Fra i primi errori che ho commesso uno é stato quello di credermi immune. Io, nonostante una autostima molto bassa che avevo di me stesso, mi sono sempre pensato invece come un essere avvolto da una sorta di magica armatura che non avrebbe permesso alle malattie del mondo di farsi strada dentro di me. Quando parlo di primi errori non ne faccio una scaletta temporale, non vuol dire che siano sbagli commessi molti anni fa o all'inizio della mia vita, ma significa semplicemente che sono i primi in ordine di importanza, almeno secondo una mia personale classificazione. Il fatto di credermi immune, di credermi superiore a certe cose, in qualche modo non mi ha permesso di costruirmi delle difese, di prepararmi a ciò che sarebbe successo, ma mi ha lasciato nudo ad affrontare un esercito di fantasmi armati di tutto punto. Se trovavo, ad esempio, in un giornale, in una rivista, in televisione, un articolo o una trasmissione che parlava della depressione la saltavo a pié pari perché non faceva parte della mia vita e non me ne interessava, giudicando che non fosse importante.

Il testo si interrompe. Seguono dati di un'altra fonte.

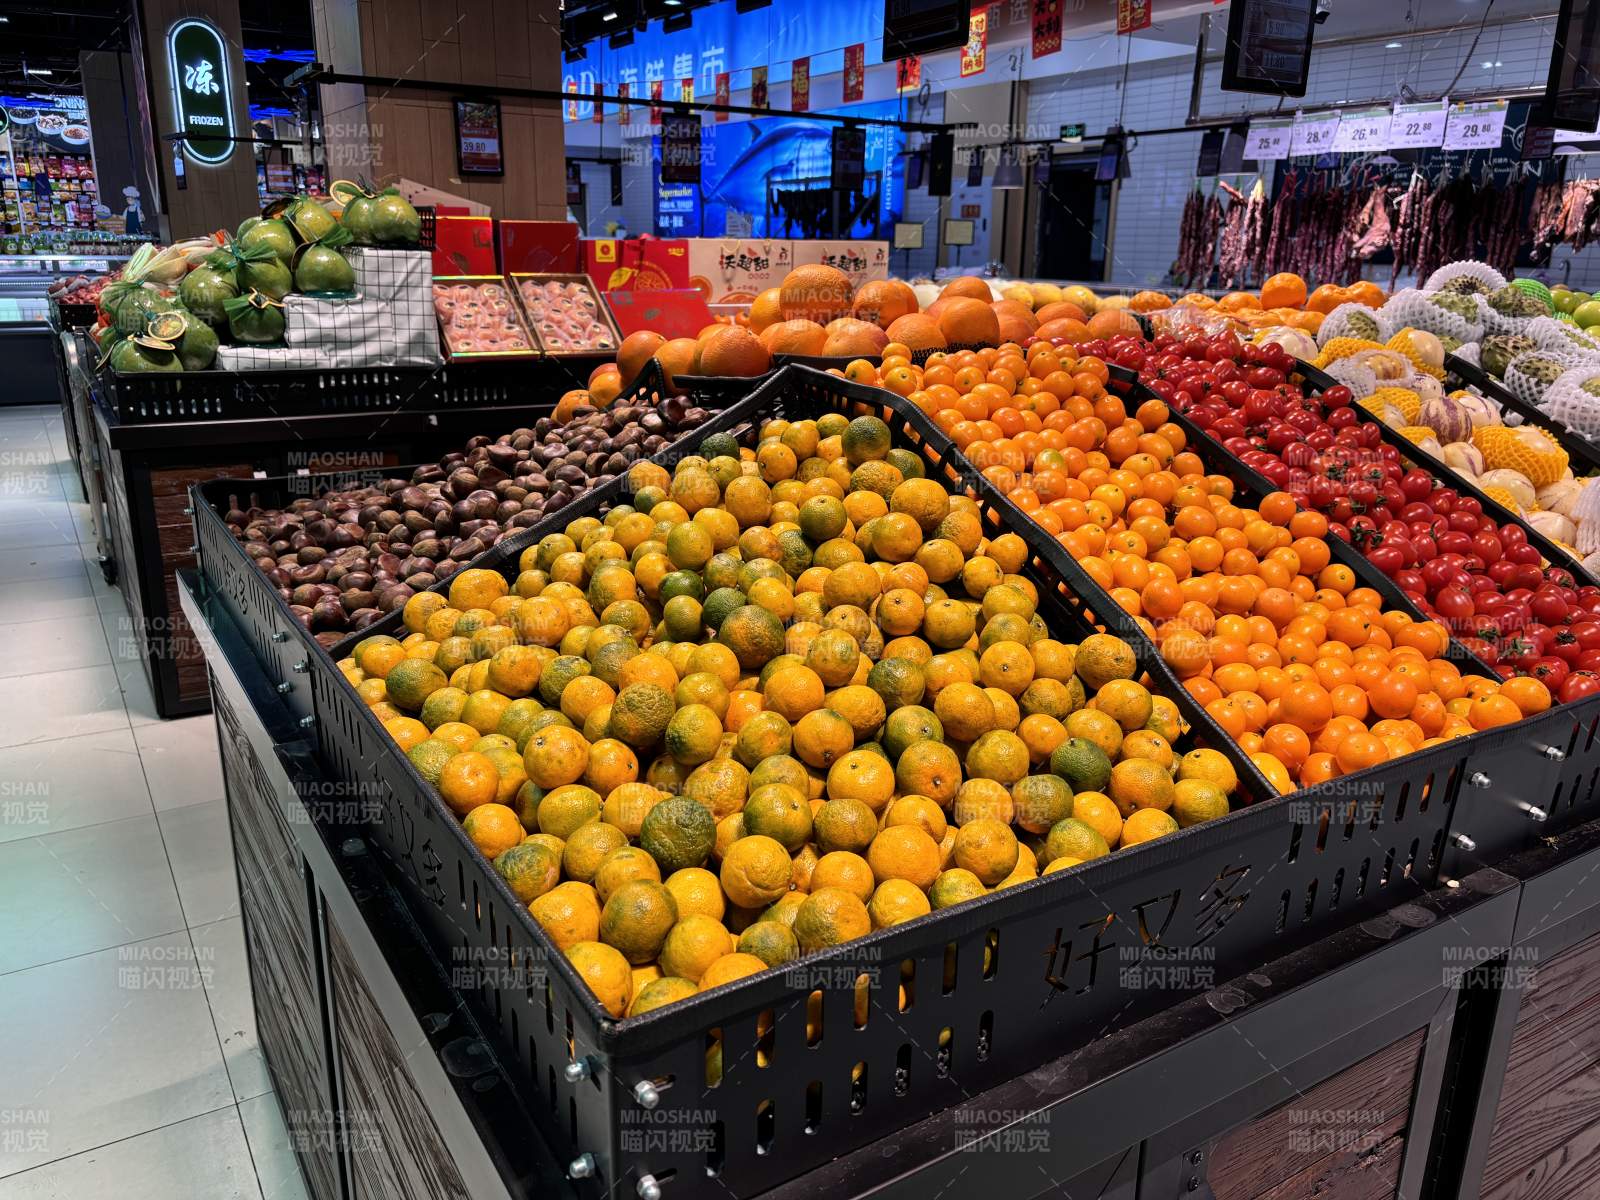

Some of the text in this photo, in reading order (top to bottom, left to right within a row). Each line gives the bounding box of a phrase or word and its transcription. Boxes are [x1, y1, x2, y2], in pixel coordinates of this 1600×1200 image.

Giudicare gli altri fa parte della stessa famiglia di cazzate, visto che il metro di paragone siamo sempre noi stessi. Se io giudico un'altra persona, ovviamente non posso prescindere da me stesso. E' come guardare due foto, una mia e una dell'altro o altra che sia. Confronti i vestiti, i sorrisi, il modo di porsi, lo sguardo, i capelli, le scarpe, la macchina e via pian piano tutto quello che é differente e visibile agli occhi. Il giudizio nasce partendo da impressioni, da cose leggere, di superficie, dalle prime cose visibili. Giudicando perdi la voglia e la forza di scavare dentro le altre persone, perdi l'abitudine a cercare di comprendere veramente come sono e ti limiti al come sembrano. Il guaio é che, contemporaneamente, fai esattamente lo stesso con te stesso. Ti limiti quindi alla superficie e perdi o non trovi mai la forza per andare a capire cosa c'é sotto al visibile. Laggiù dove sei nudo, dove sei te stesso e basta. E così perdendo di vista gli altri perdi di vista anche te stesso e questo é un'altro grande sbaglio.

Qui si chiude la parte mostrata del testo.